Sem a vitamina K, o Gla não pode ser produzido. Sem o Gla, as proteínas responsáveis pela coagulação sanguínea não podem interagir com a superfície das células.
"Estamos estudando a ação da vitamina K na bioquímica da coagulação sanguínea e a forma como ela é utilizada por esse moluscos para sintetizar o Gla", diz Bruce Furie. Segundo ele, algumas empresas já estão trabalhando no uso dessas conotoxinas no tratamento de doenças em humanos.
Proteção química
"Organismos que, à primeira vista, se defendem quimicamente e não por meio de conchas, de espinhos ou da capacidade de correr e se esconder têm um grande interesse. Então, quando mergulhamos em um recife e vemos algo que parece um enorme pedaço de alimento e nada o está comendo, assumimos que possui proteção química", diz John Faulkner, pesquisador da Universidade da Califórnia, em San Diego, pertencente ao Programa Nacional Sea Grant.
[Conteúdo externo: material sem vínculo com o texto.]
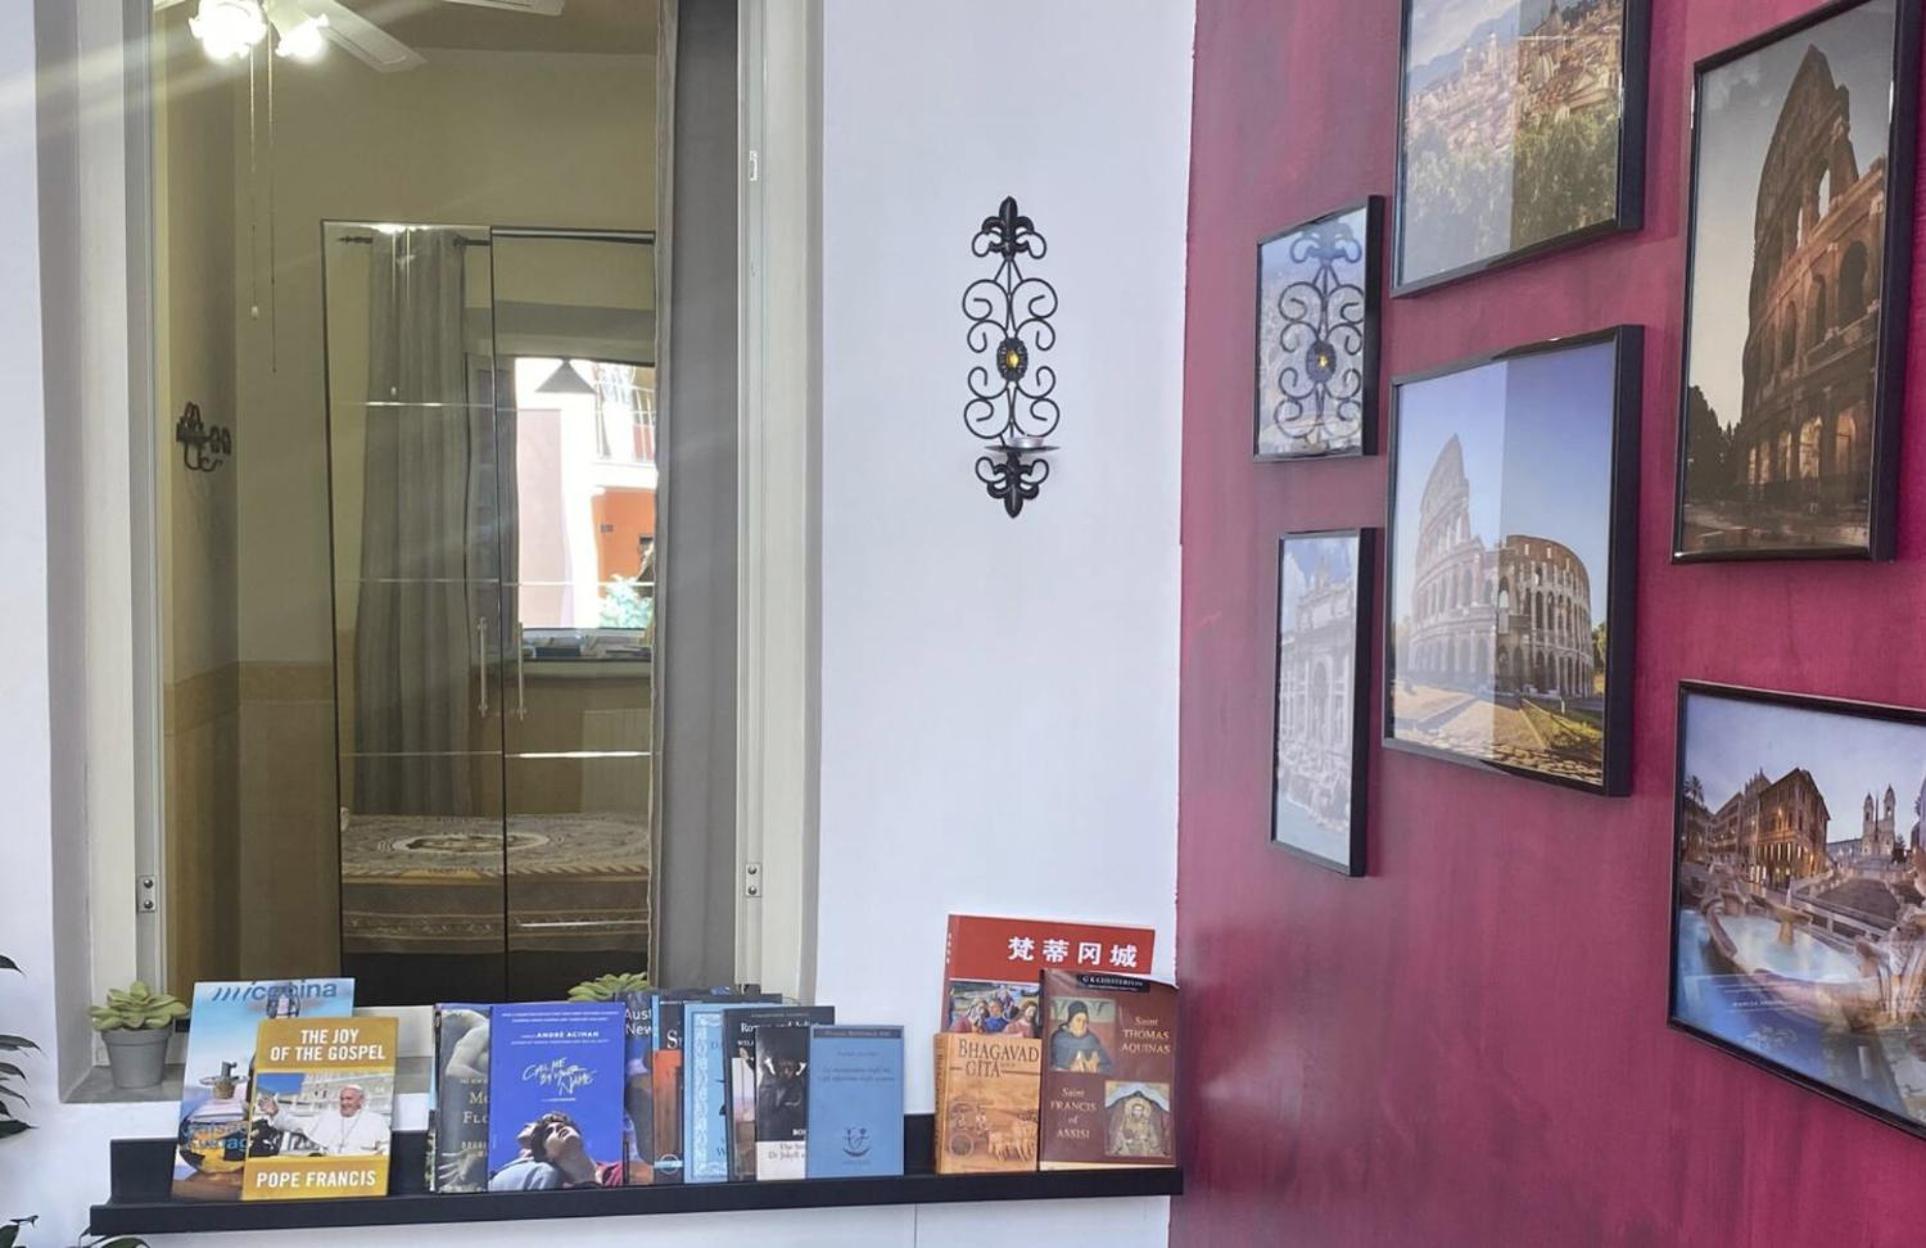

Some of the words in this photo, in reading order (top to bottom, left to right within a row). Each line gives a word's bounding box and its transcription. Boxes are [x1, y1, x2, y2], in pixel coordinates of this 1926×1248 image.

[1008, 936, 1137, 967] 梵蒂冈城
[301, 1029, 328, 1045] THE
[332, 1028, 359, 1044] JOY
[1122, 1029, 1170, 1040] THOMAS
[270, 1046, 290, 1061] OF
[296, 1046, 322, 1061] THE
[328, 1044, 386, 1061] GOSPEL
[958, 1038, 1040, 1062] BHAGAVAD
[1121, 1042, 1171, 1055] AQUINAS
[965, 1061, 1001, 1078] GITA
[1050, 1100, 1097, 1112] FRANCIS
[256, 1171, 301, 1188] POPE
[305, 1170, 376, 1188] FRANCIS
Para o pesquisador, "a hipótese consequente é que alguns produtos químicos que ajudam a proteger organismos marinhos também podem proteger humanos".
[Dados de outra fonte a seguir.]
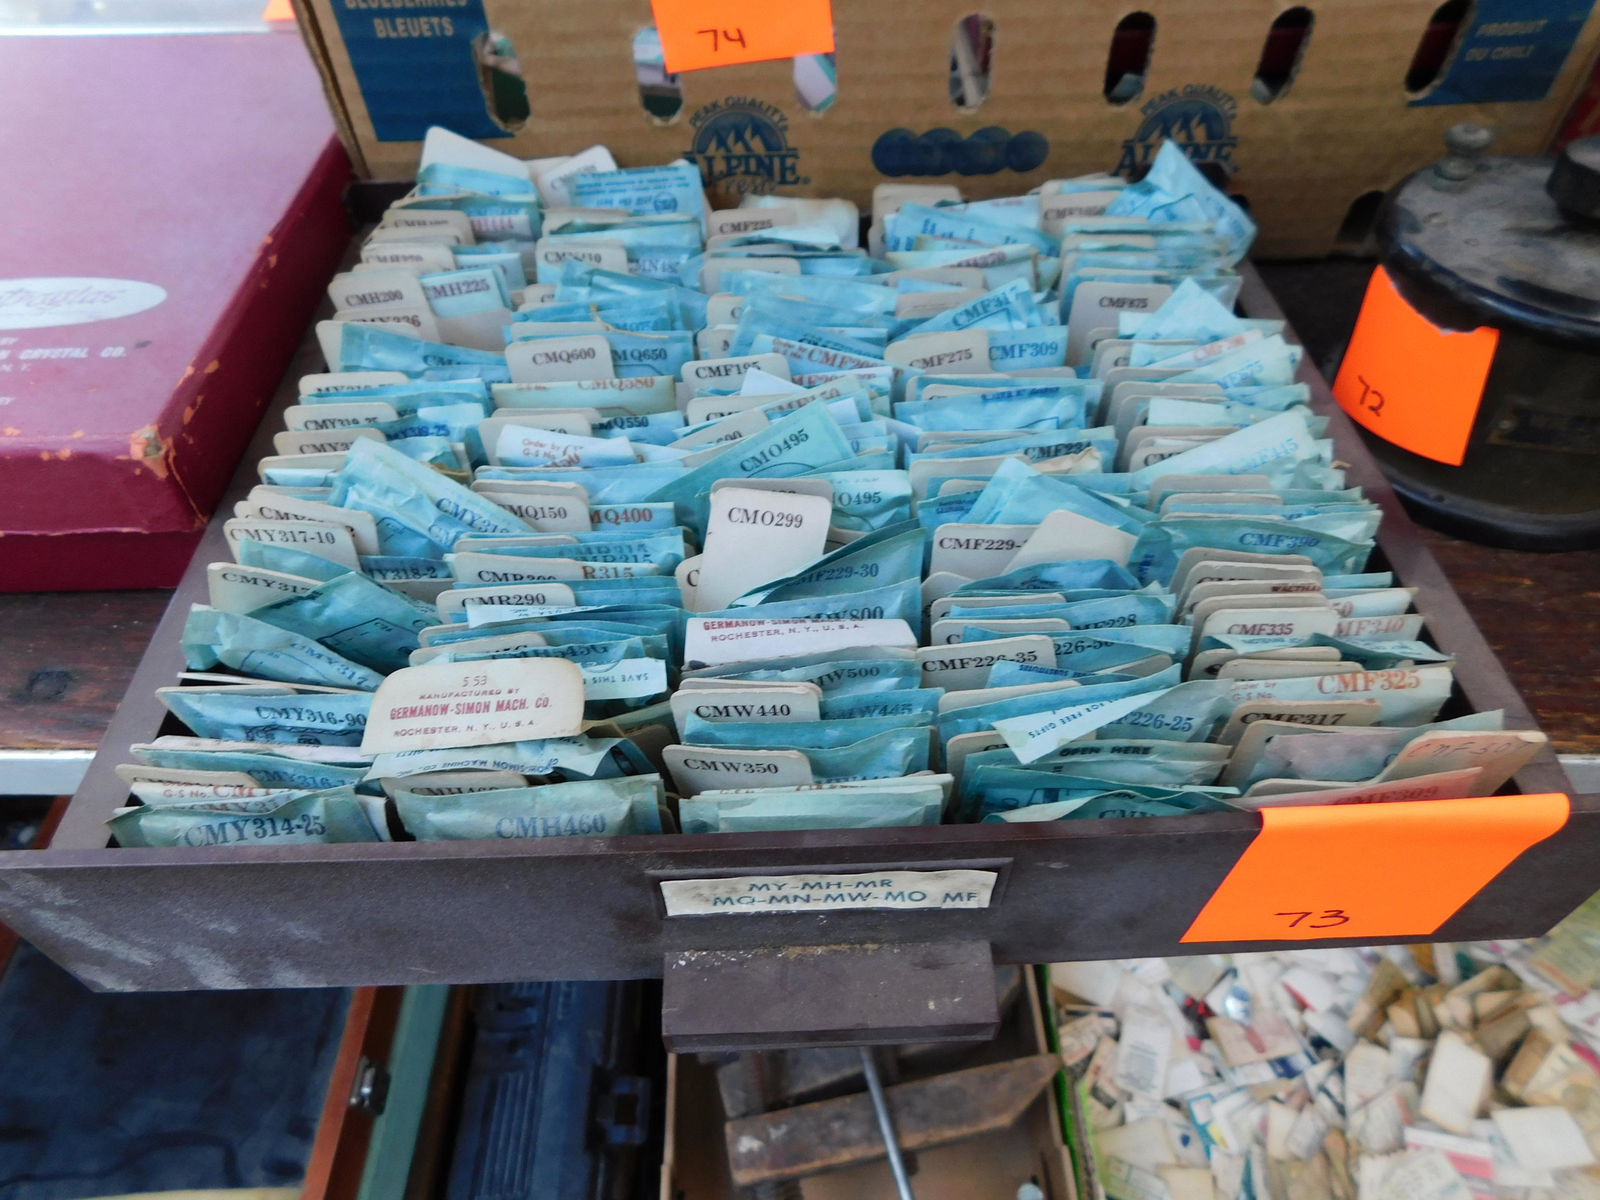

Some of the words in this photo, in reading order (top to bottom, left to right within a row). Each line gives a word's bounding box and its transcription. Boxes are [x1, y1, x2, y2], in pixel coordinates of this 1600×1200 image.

[373, 16, 455, 38] BLEUETS
[697, 28, 747, 51] 74
[532, 347, 596, 365] CMQ600
[1357, 375, 1386, 417] 72
[739, 428, 810, 474] CMO495
[727, 506, 804, 529] CMO299
[229, 528, 336, 545] CMY317-10
[711, 629, 785, 642] ROCHESTER,
[1227, 622, 1293, 636] CMF335
[1317, 670, 1421, 695] CMF325
[255, 705, 367, 727] CMY316-90
[390, 701, 491, 720] GERMANOW-SIMON
[497, 698, 529, 713] MACH.
[535, 696, 552, 709] CO.
[695, 704, 791, 719] CMW440
[1240, 712, 1346, 726] CMF317
[1058, 746, 1104, 757] OPEN
[1110, 746, 1155, 755] HERE
[684, 757, 779, 774] CMW350
[184, 813, 327, 847] CMY314-25
[495, 814, 607, 840] CMH460
[747, 878, 893, 892] MY-MH-MR
[942, 891, 978, 903] MF
[1273, 909, 1350, 929] 73
Faulkner e sua equipe da Universidade da Califórnia, em San Diego, descobriram uma nova molécula inibidora, derivada de uma esponja do Pacífico chamada haliclona. A molécula, chamada adociasulfate-2 (AS-2), é a primeira a inibir uma família de proteínas que tem um importante papel no transporte intracelular e na divisão das células.
Além de ajudar os biólogos a entender melhor como as células se dividem e transportam materiais, o AS-2 também pode levar ao desenvolvimento de novos medicamentos contra o câncer. "Há cerca de 20 produtos em fase de testes clínicos", diz José Darías, doutor em ciências químicas da Universidade de La Laguna (Espanha).
O espanhol salienta que, dos 15 produtos naturais candidatos a remédios anticancerígenos, aprovados para testes clínicos pelo Instituto Nacional do Câncer dos EUA, 7 são de origem marinha, 4 são derivados de micróbios e outros 4 de plantas. Exemplos: bryostatin, derivada do briozoário Bugula neritina, e dolasstatin, da "sea hare" Dolabella auricularia.
Antiinflamatórios
Mas o câncer não é o único alvo. Outra pesquisa do Programa Nacional Sea Grant visa o tratamento da artrite, doença que atinge um em sete norte-americanos. Robert S. Jacobs, da Universidade da Califórnia, em Santa Barbara, descobriu recentemente dois compostos marinhos naturais raros que bloqueiam totalmente inflamações neurogênicas, o que pode aliviar a dor de milhões de pessoas.
Na busca por novas maneiras de aliviar a dor de artrite, Jacobs concentrou suas pesquisas na vida marinha, particularmente em esponjas, corais macios e algas. Ele está explorando e descrevendo produtos químicos exóticos até então desconhecidos, derivados desses organismos, que atraíram a atenção por suas superfícies praticamente esterilizadas.
O composto monoalide, derivado de uma esponja, produziu mais de 300 produtos químicos, com um significativo número desses passando por testes clínicos como agentes antiinflamatórios.
Para Darías, nos próximos anos, a farmacopéia marinha irá ampliar o arsenal terapêutico. Hoje, os únicos produtos marinhos de uso clínico no mercado (criados a partir da estrutura química de uma esponja caribenha), são usados usados na terapêutica viral.
Na opinião de Darías, a procura por novos fármacos nos oceanos é natural: "Como nossas fontes genéticas estão no mar, nossas reservas genéticas também estão ali". Além disso, essas pesquisas são comparativamente mais vantajosas por seu custo reduzido, já que "é mais fácil e barato estudar geneticamente microorganismos marinhos do que mamíferos".
Enzimas produzidas por bactérias marinhas também estão atraindo a atenção por suas propriedades incomuns (resistentes ao sal ou a temperaturas extremas). Apenas uma bactéria marinha pesquisada (Vibrio alginolytti cus) produz seis proteases, entre elas a collagenase uma enzima com uma enorme variedade de aplicações médicas e industriais.